Saturday, May 12, 2001

Missing evidence
raises questions about
death penalty

The issue: The FBI's discovery of
previously unseen evidence in the
Timothy McVeigh case raises new
questions about the death penalty
and the agency's credibility.

THE FAILURE of the Federal Bureau of Investigation to turn over more than 3,000 documents to the attorneys of Oklahoma City bomber Timothy McVeigh magnifies the finality of the death penalty and damages confidence in the nation's top law enforcement agency.

Attorney General John Ashcroft, in postponing McVeigh's execution, said that nothing in the documents would have changed the jury's verdict in convicting McVeigh of the bombing that killed 168 people. But his protestations are no excuse. Due process is a pillar of the U.S. legal system and of paramount importance in cases in which the death penalty can be invoked.

Although the bureau should be given credit for the thousands of operations it conducts against legitimate targets with credible results, the McVeigh matter lends unwarranted credibility to those who stir up government conspiracy scenarios that McVeigh claims were his motive for the deadly bombing.

There is little doubt that McVeigh is guilty; he has admitted this himself. However, there have been 23 cases between 1900 and 1987 in which people were put to death and later found to be innocent. No amount of apologizing can retrieve a life taken.

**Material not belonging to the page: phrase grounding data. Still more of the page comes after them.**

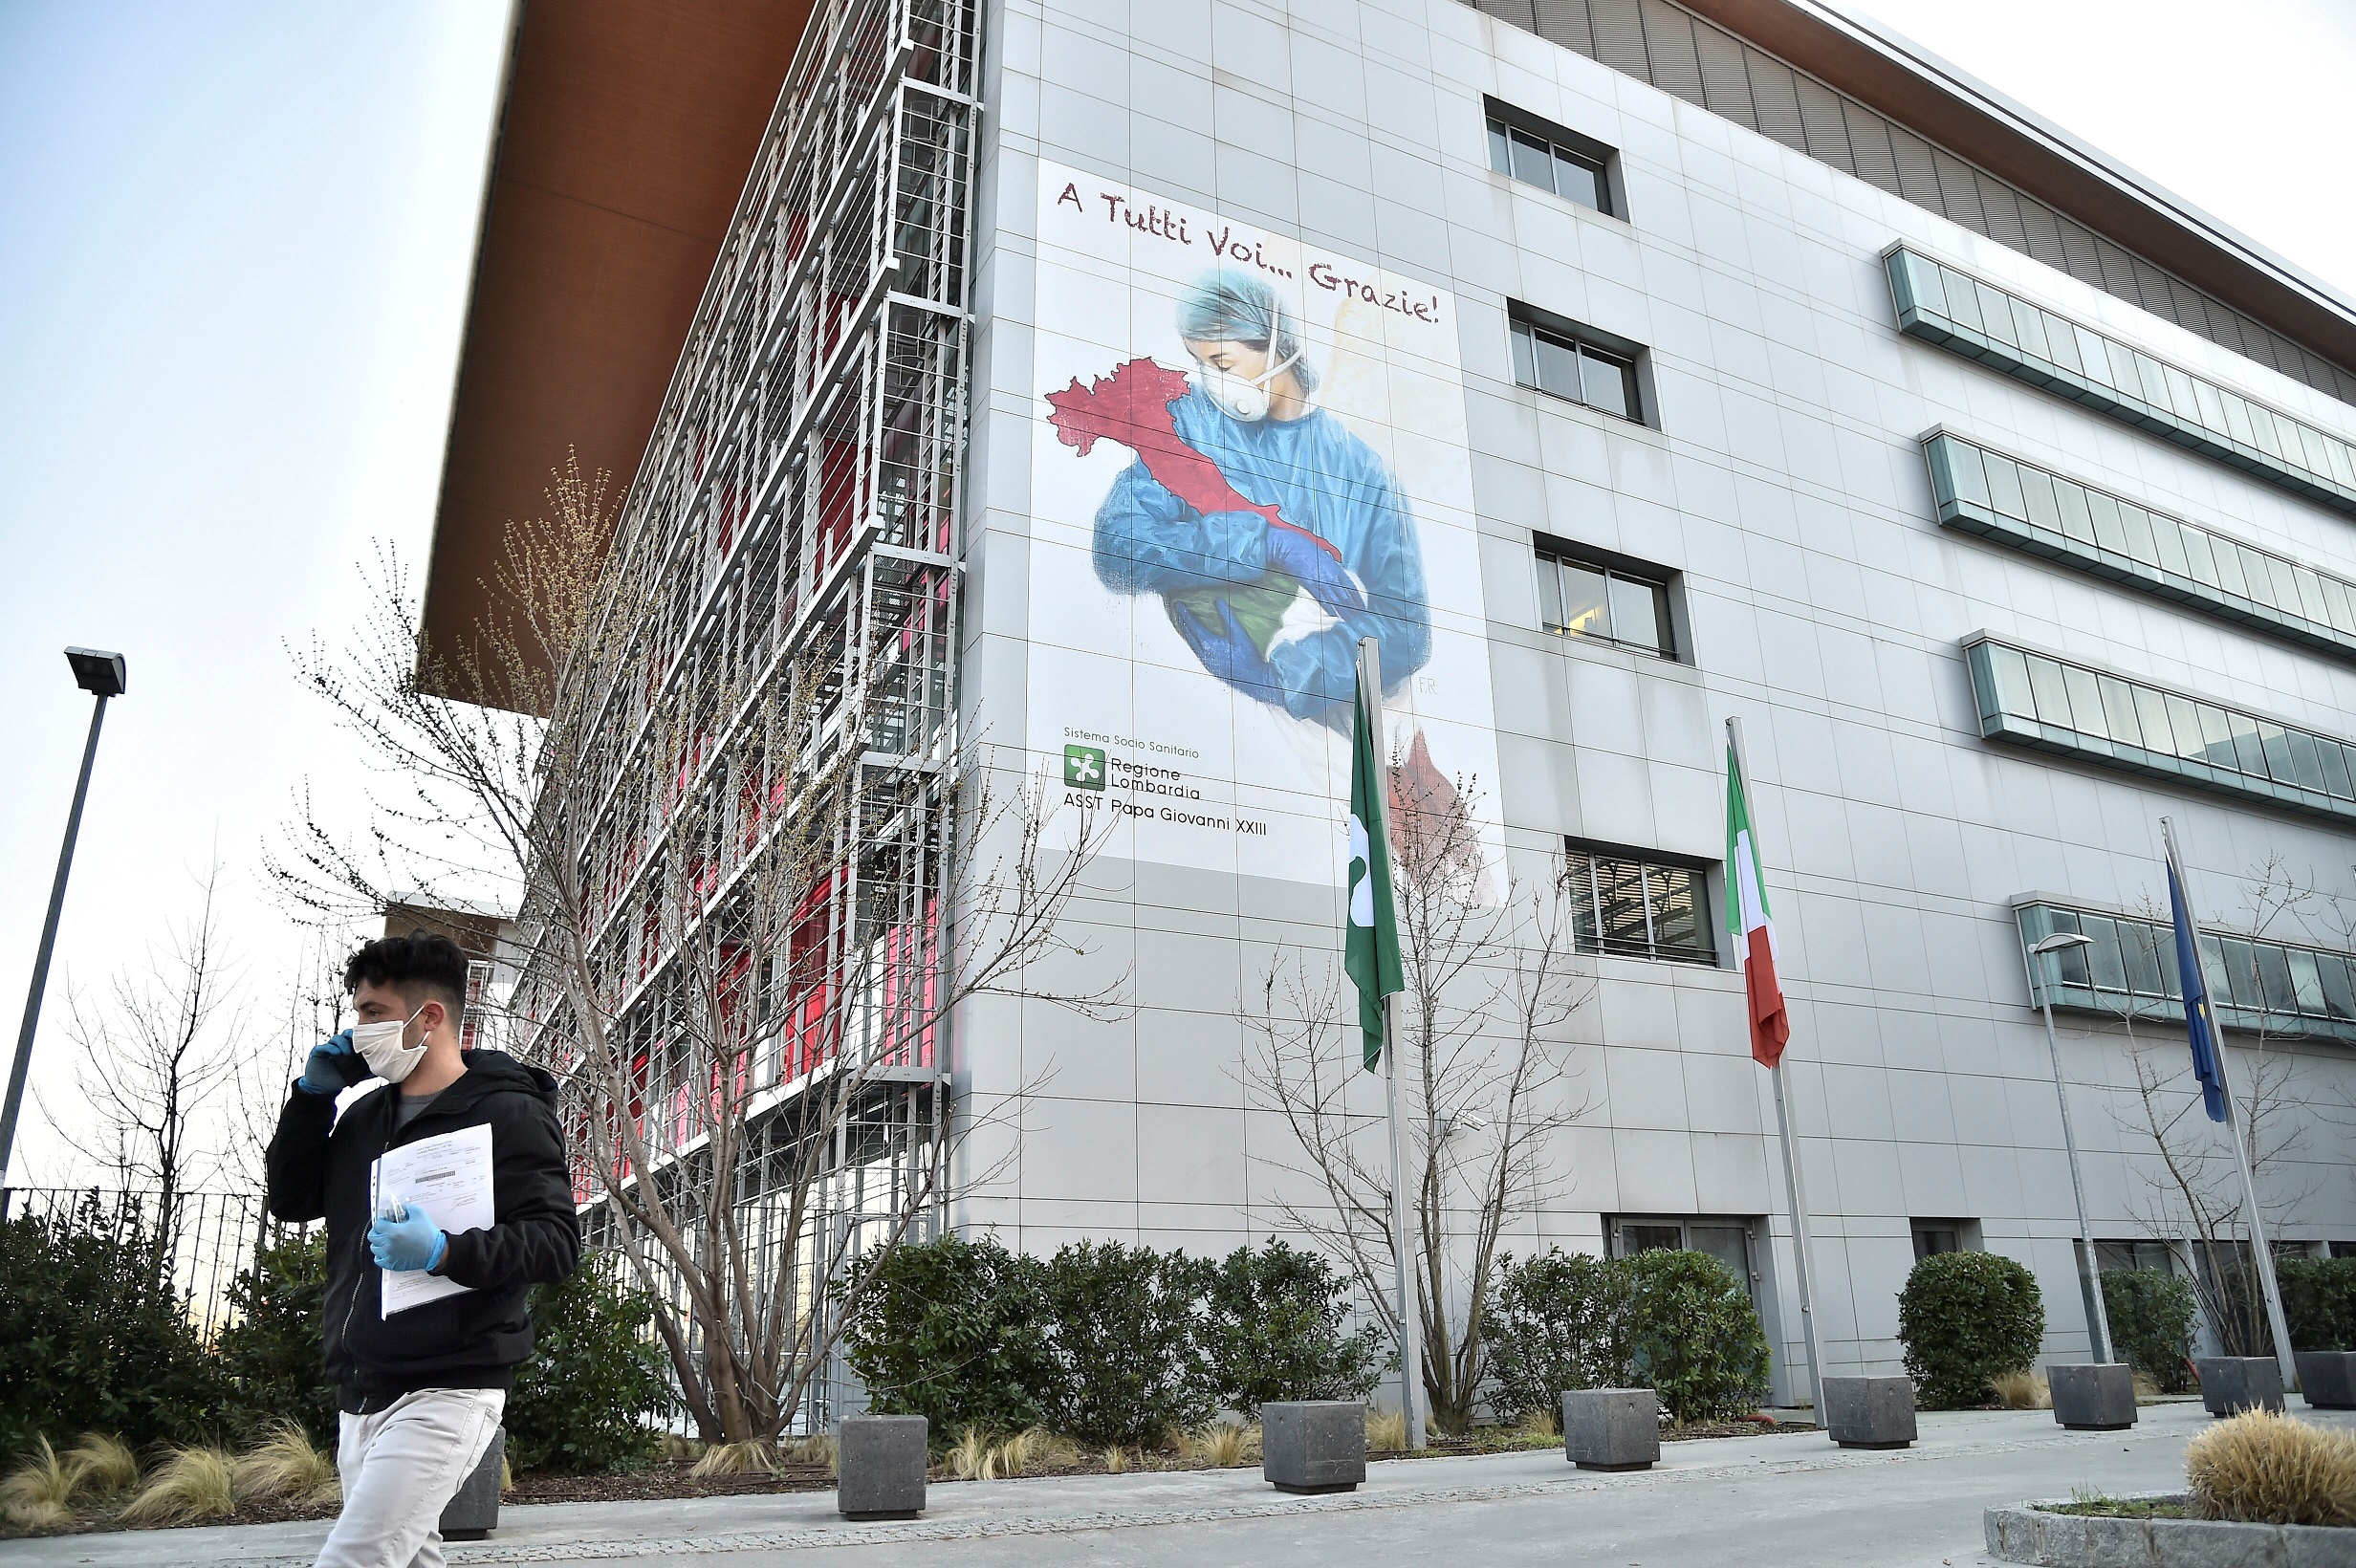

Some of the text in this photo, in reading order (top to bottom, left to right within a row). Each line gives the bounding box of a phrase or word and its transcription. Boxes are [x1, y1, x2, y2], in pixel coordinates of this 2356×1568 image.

[1058, 182, 1440, 324] A Tutti Voi... Grazie!
[1063, 727, 1199, 759] Sistema Socio Sanitario
[1111, 757, 1181, 781] Regione
[1111, 773, 1200, 800] Lombardia
[1063, 793, 1267, 837] ASST Papa Giovanni XXIII

The whole thing underscores once again that there is no justice in killing another human being, even one as vile as Timothy McVeigh.

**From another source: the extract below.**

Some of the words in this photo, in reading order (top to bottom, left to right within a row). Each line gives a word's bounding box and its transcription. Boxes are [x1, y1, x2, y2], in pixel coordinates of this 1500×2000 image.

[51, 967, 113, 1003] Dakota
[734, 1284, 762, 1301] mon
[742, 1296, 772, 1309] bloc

The FBI says that overlooking the documents was unintentional and that it moved swiftly to correct the mistake once it was discovered. That this failure should occur in such a high-profile case, one that demanded attention to detail, is incredible, especially in the light of other recent revelations.

Last month, a man from Boston told Congress he had spent 30 years in prison for a murder he did not commit; he was freed only after a judge concluded that the FBI had hidden evidence that would have proven him innocent.

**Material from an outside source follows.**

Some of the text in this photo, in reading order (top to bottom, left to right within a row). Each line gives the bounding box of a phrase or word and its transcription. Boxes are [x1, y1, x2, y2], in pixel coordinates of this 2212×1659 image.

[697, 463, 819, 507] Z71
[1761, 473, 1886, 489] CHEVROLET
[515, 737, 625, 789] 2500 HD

The bureau was also called into question in its investigation of Wen Ho Lee, a Los Alamos nuclear scientist accused of selling secrets to China. The FBI kept him in solitary confinement for nine months, only to find that he was not a spy.

In recent days, members of Congress and the Bush administration having railed against the ouster of the United States from the U.N. Human Rights Commission. As long as the death penalty remains law, the American voice in favor of human rights will have diminished influence.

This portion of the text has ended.